Les recommandations de bonnes pratiques, des milliers de
pages en ce qui concerne l’action sociale et médico-sociale, présentent les
meilleures intentions du monde, et œuvrent à faire disparaitre ce qui peut être
considéré, aux yeux des rédacteurs, comme des pratiques inadaptées, inappropriées,
mauvaises, malveillantes. Et de fait, il en existe de telles, qu’il importe de
supprimer. Les bonnes pratiques sont issues pour une part des pratiques
existantes sélectionnées par des « experts », pour une autre part,
des principes politiques actualisant des évolutions concernant la définition du
handicap, la place des « usagers » dans notre système et dans la
société, la reconnaissance de leurs droits, etc, sans oublier la priorisation
des contraintes et caractéristiques de gestion.
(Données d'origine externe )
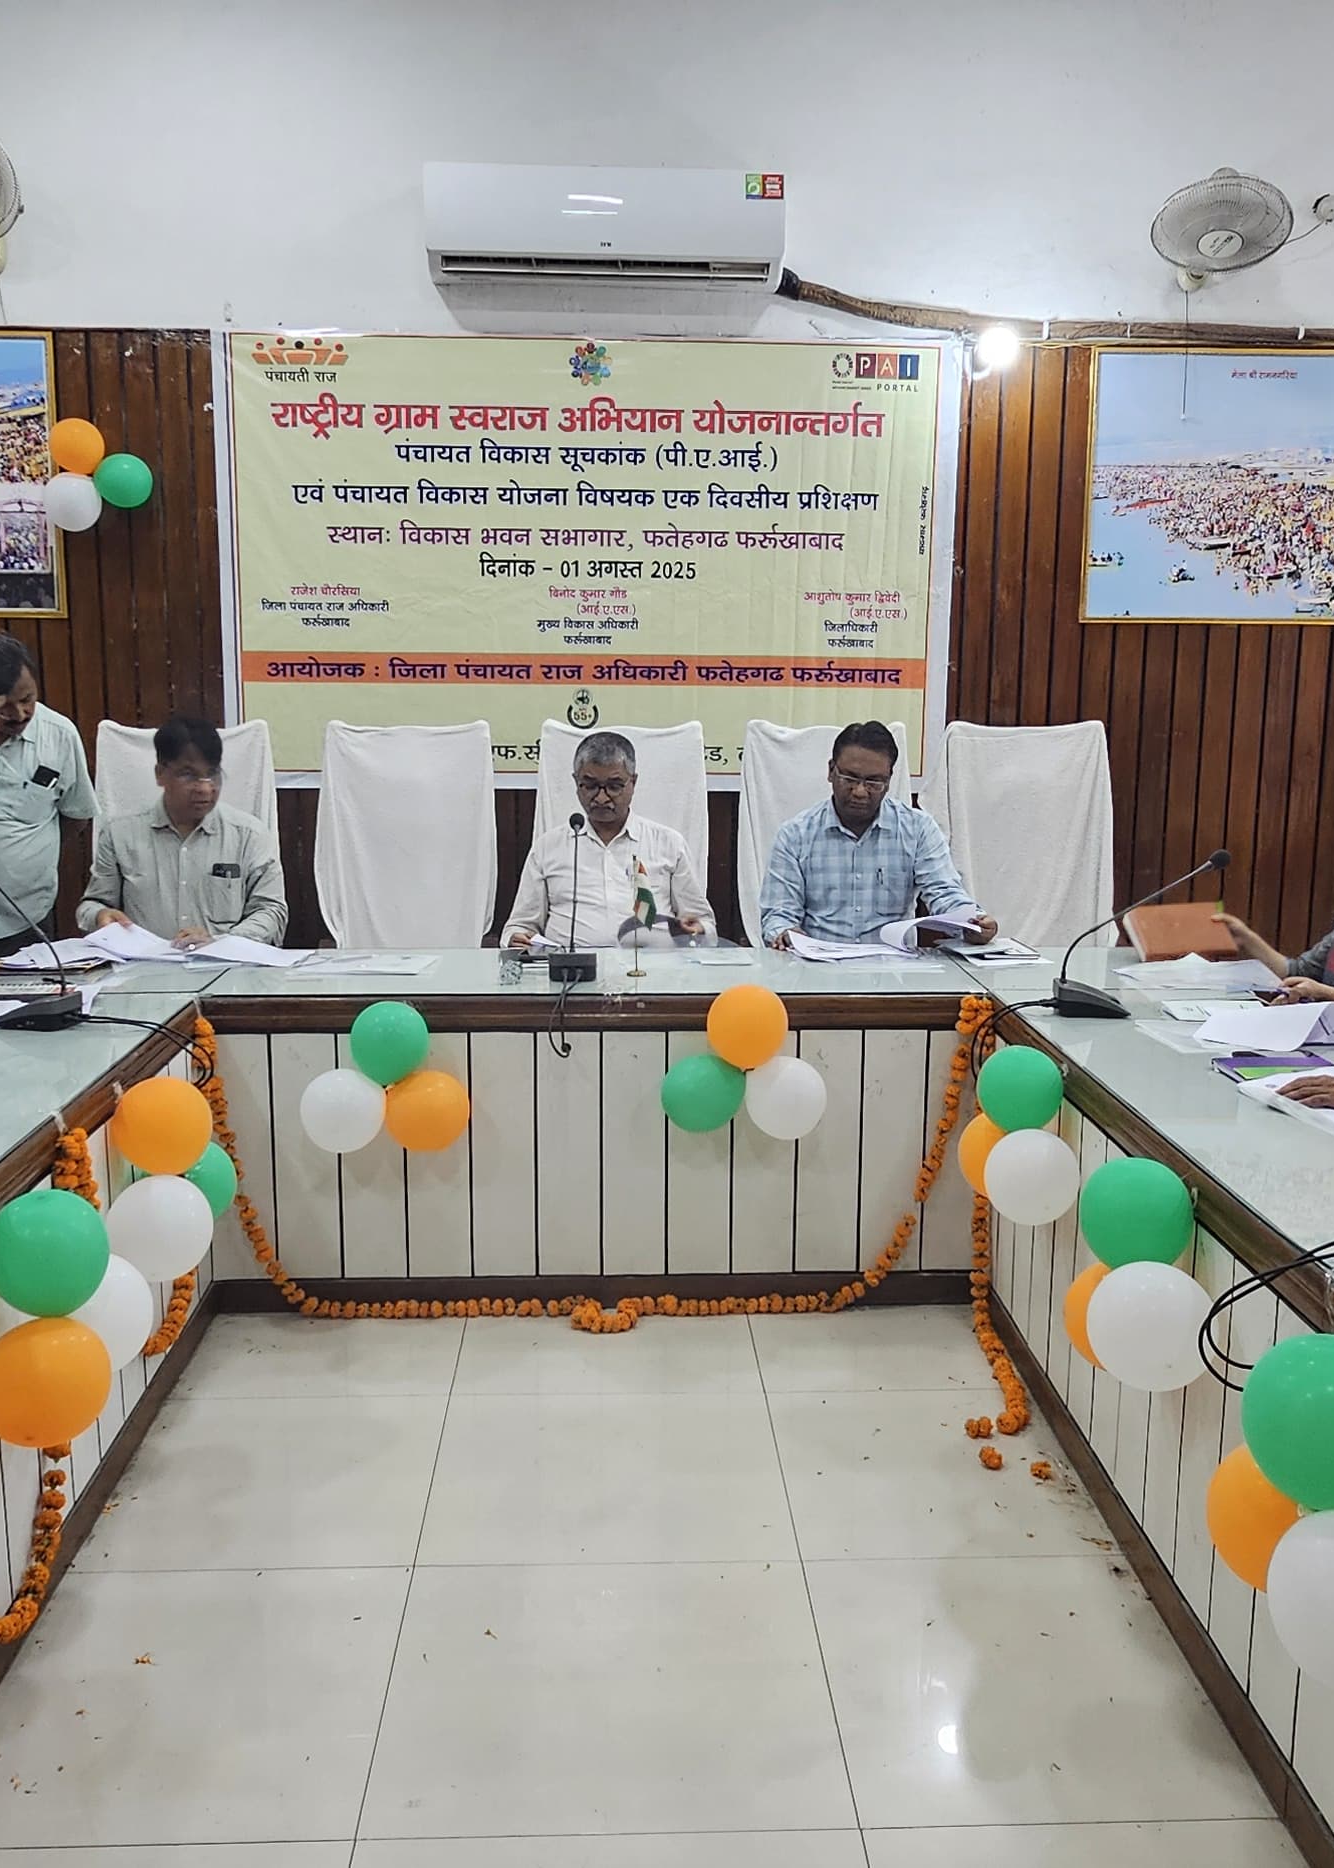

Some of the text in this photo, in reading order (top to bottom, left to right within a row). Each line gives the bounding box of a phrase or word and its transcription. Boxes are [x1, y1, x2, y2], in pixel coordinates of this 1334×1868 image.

[265, 367, 336, 382] पंचायती राज
[858, 356, 913, 378] PAI
[877, 383, 918, 392] PORTAL
[271, 393, 885, 440] राष्ट्रीय ग्राम स्वराज अभियान योजनान्तर्गत
[395, 438, 777, 472] पंचायत विकास सूचकांक (पी.ए.आई.)
[292, 478, 879, 511] एवं पंचायत विकास योजना विषयक एक दिवसीय प्रशिक्षण
[399, 519, 471, 545] विकास
[480, 528, 532, 546] भवन
[539, 529, 633, 552] सभागार,
[479, 552, 536, 578] दिनांक
[560, 560, 579, 578] 01
[587, 560, 643, 578] अगस्त
[651, 560, 696, 580] 2025
[291, 583, 317, 596] राजेश
[579, 589, 606, 602] कुमार
[262, 597, 389, 612] जिला पंचायत राज अधिकारी
[845, 592, 872, 605] कुमार
[537, 616, 639, 633] मुख्य विकास अधिकारी
[824, 620, 878, 633] जिलाधिकारी
[267, 656, 365, 678] आयोजक
[389, 657, 445, 679] जिला
[455, 658, 532, 680] पंचायत
[541, 664, 583, 680] राज
[592, 659, 687, 682] अधिकारी
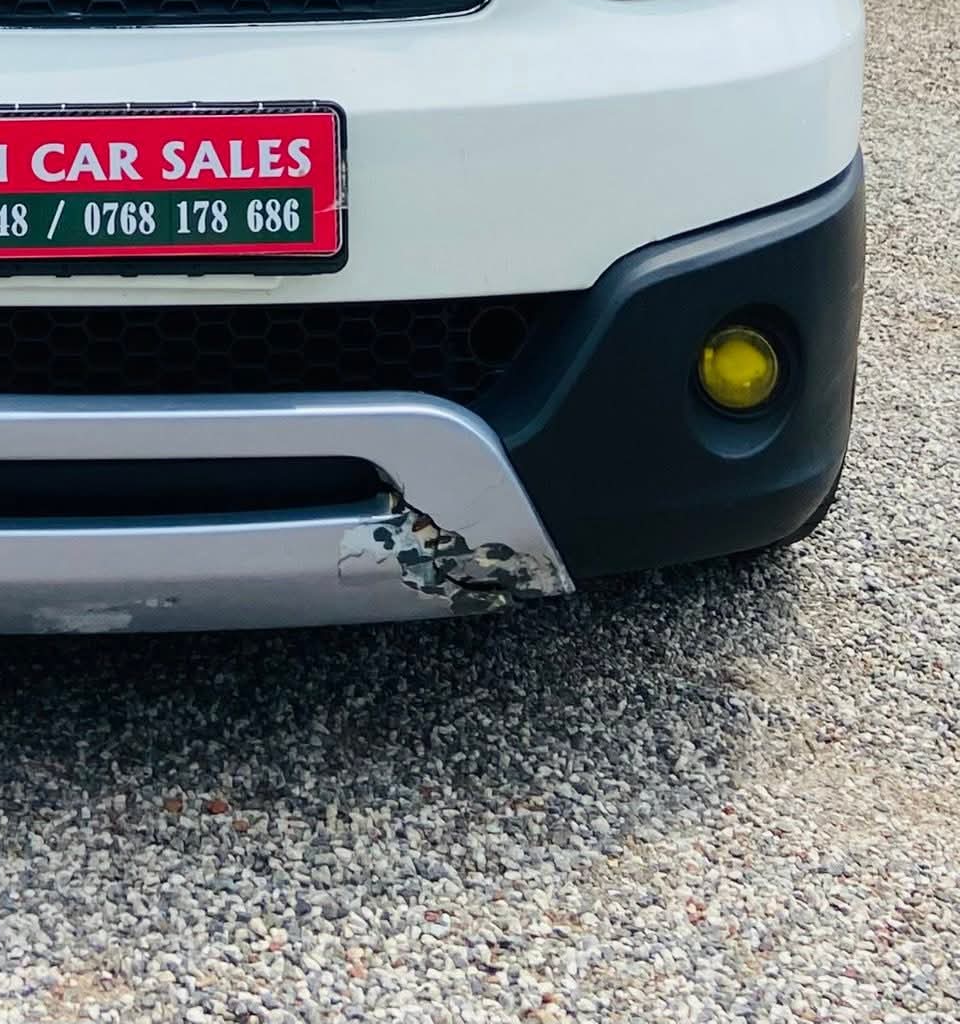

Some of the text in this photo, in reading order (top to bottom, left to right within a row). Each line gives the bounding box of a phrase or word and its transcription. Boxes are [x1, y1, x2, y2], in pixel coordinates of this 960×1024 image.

[31, 143, 143, 182] CAR
[162, 139, 312, 180] SALES
[47, 199, 65, 240] /
[84, 202, 156, 235] 0768
[177, 200, 229, 234] 178
[246, 198, 300, 233] 686
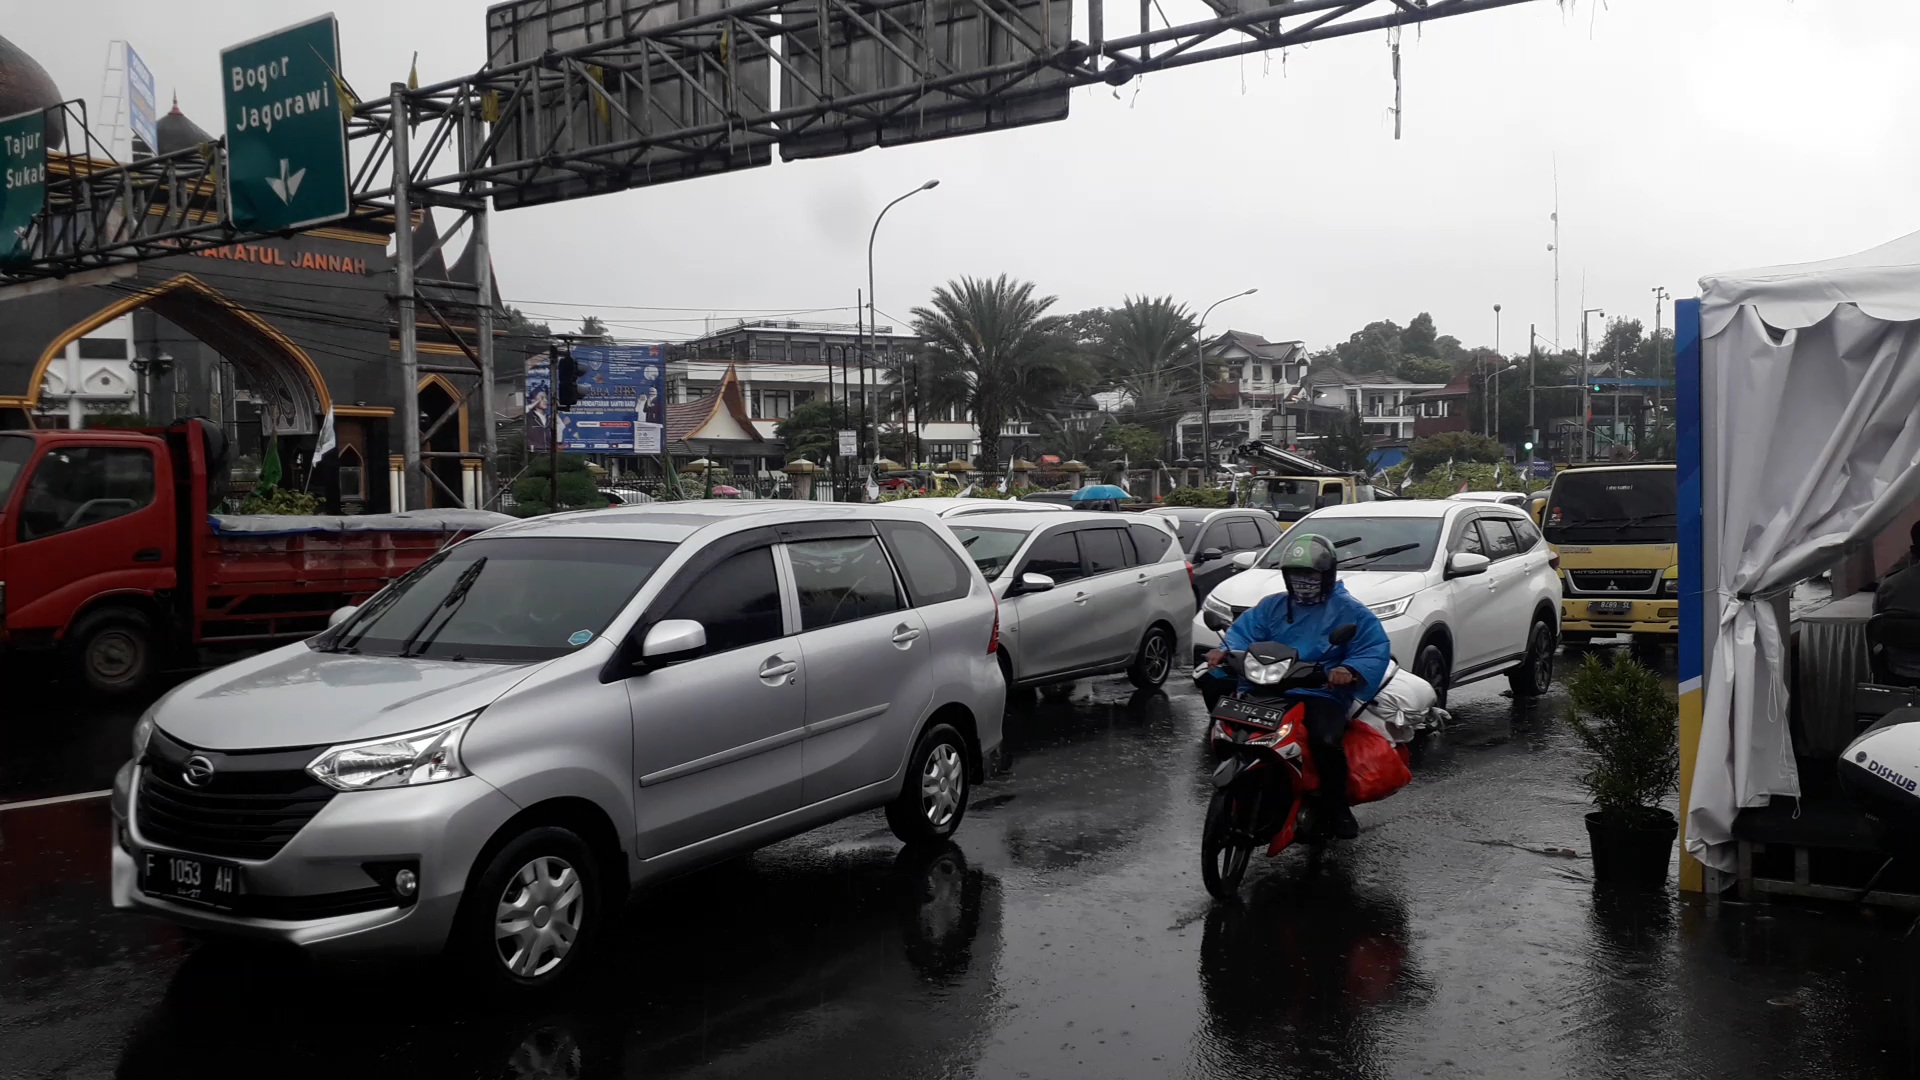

Ainsi par exemple, la
modification des pratiques dans le secteur médico social est placée sous l’égide
du financement, dans le titre même de la réforme : SERAFIN-PH, Services et
Etablissements Réforme pour une Adéquation des FINancements aux parcours des Personnes
Handicapées.
Toutes les pratiques professionnelles existantes n’ont pas
été sélectionnées comme bonnes pratiques. Ont été sélectionnées celles qui font
consensus parmi des experts choisis, et qui sont conformes aux nouvelles règles
de rapports avec les usagers. Que de « mauvaises » pratiques soient
rejetées, quoi de plus normal : maltraitance, déni de droits, défaillances
professionnelles, non respect des personnes, etc. Mais parfois est rejeté le
bébé avec l’eau du bain ! D’autres pratiques, alternatives ou innovantes,
sont rejetées dans la même eau. Par exemple, des pratiques inspirées par la
psychanalyse sont dorénavant considérées comme des « non-bonnes
pratiques », de manière absolue, sans que les effets aient toujours été
évalués, ou qu’ils aient été évalués selon une autre norme scientifique. Il ne
s’agit pas d’avancer ici que ces pratiques étaient toutes justifiées, mais un
tel rejet total et global reste quand même suspect.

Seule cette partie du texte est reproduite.